Besigye, who claimed fraud after coming second in February's presidential election, was arrested last month for holding a mock swearing-in ceremony and charged with treason.
He appeared briefly in court on Wednesday before being returned to the maximum security Luzira Prison in the capital Kampala, with his next court appearance set for June 29.
"The court ruled that Besigye continues to be tried in the court where he was arraigned," judiciary spokesman Solomon Muyita told AFP Wednesday.
It turned down an application, "to have him tried inside Luzira prison over what the state calls security concerns," he said.
Besigye was arrested in Kampala on May 11 after staging his own inauguration ahead of President Yoweri Museveni's swearing in.

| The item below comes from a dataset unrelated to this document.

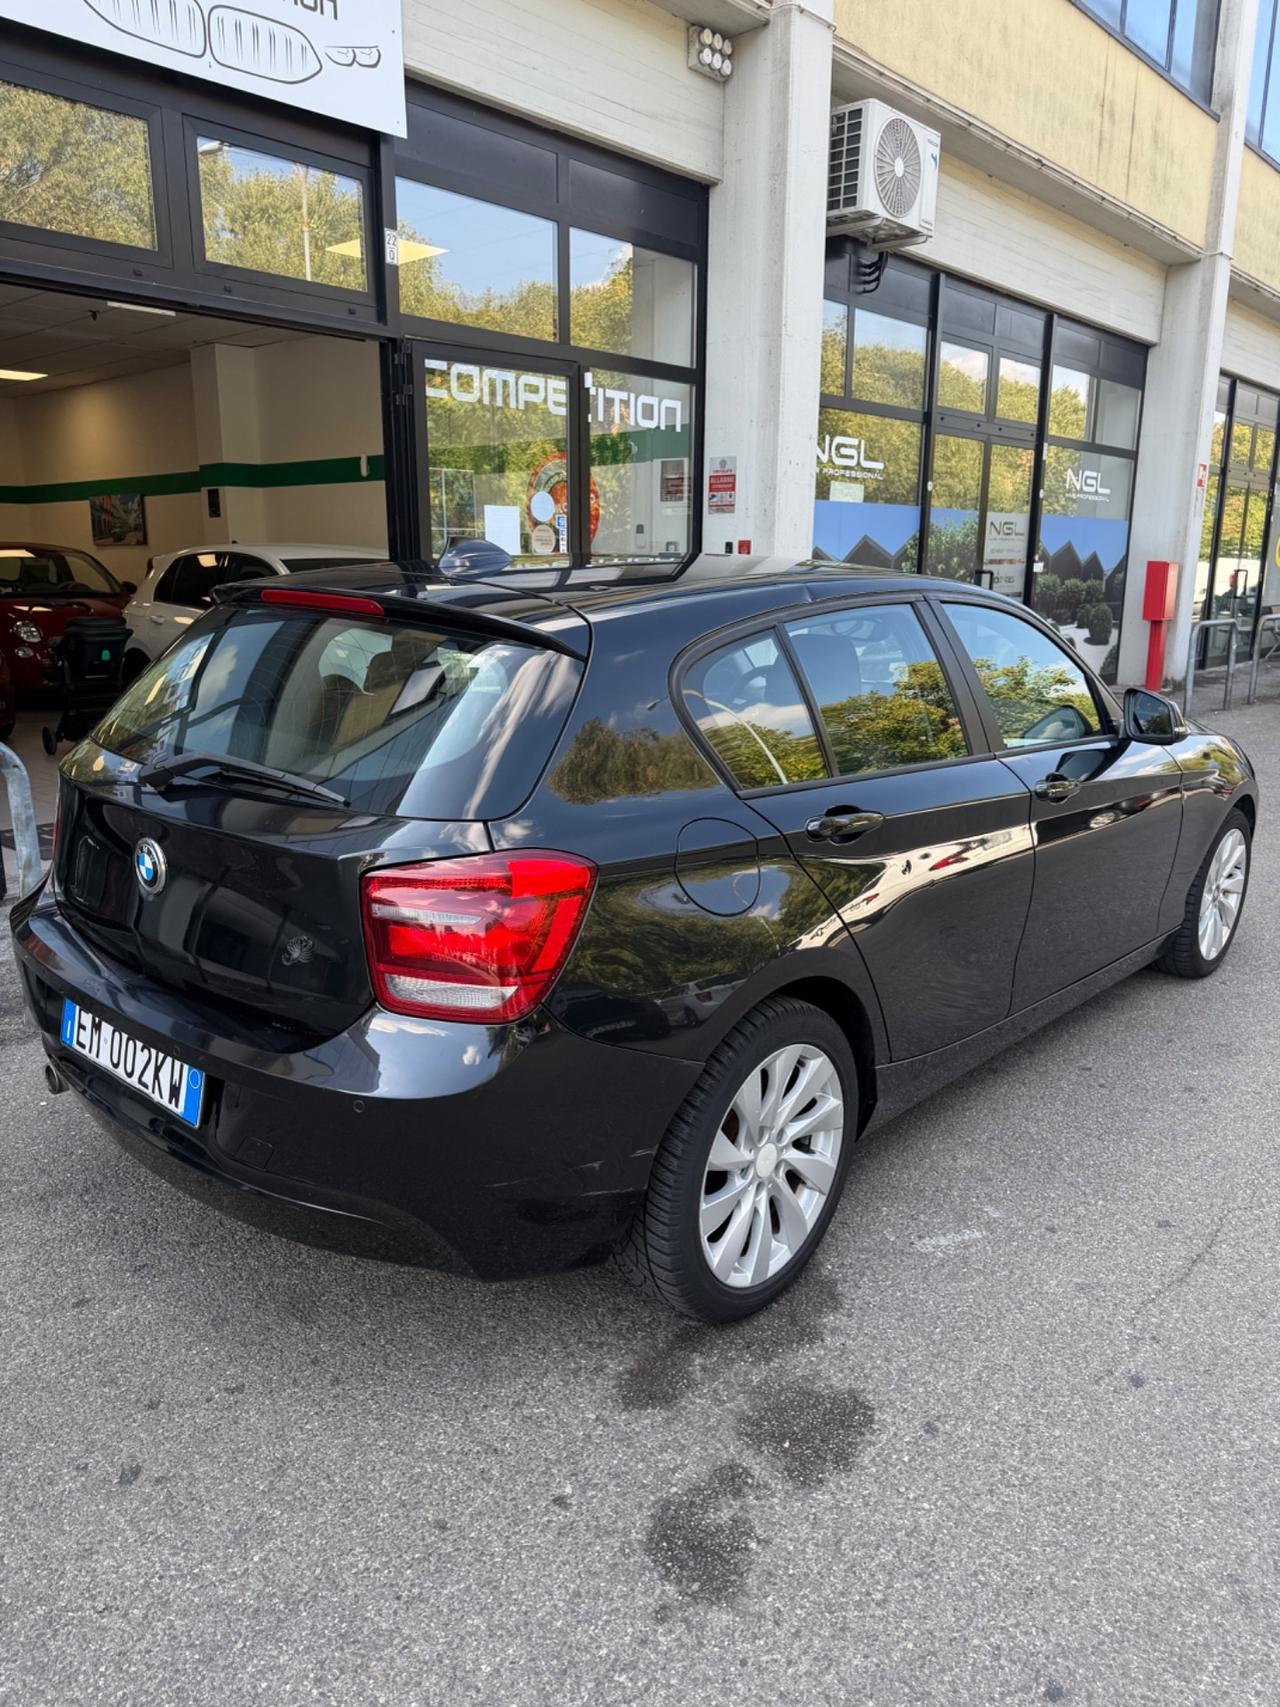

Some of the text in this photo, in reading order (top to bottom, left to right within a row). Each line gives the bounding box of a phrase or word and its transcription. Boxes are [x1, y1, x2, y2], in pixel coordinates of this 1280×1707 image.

He was then whisked to a northern town and charged with treason before being brought back to the capital a few days later.
Treason is a capital offence in Uganda, but the death penalty has not been carried out for years. Besigye was earlier charged with treason in 2005 and the case was eventually dropped.
A long-standing opponent of Museveni, Besigye has been frequently jailed, placed under house arrest, accused of both treason and rape, tear-gassed, beaten and hospitalised over the years.
Museveni seized power at the head of a rebel army in 1986 and has ruled the country since. His victory in February's poll marked the start of his fifth term in office and fourth decade in power.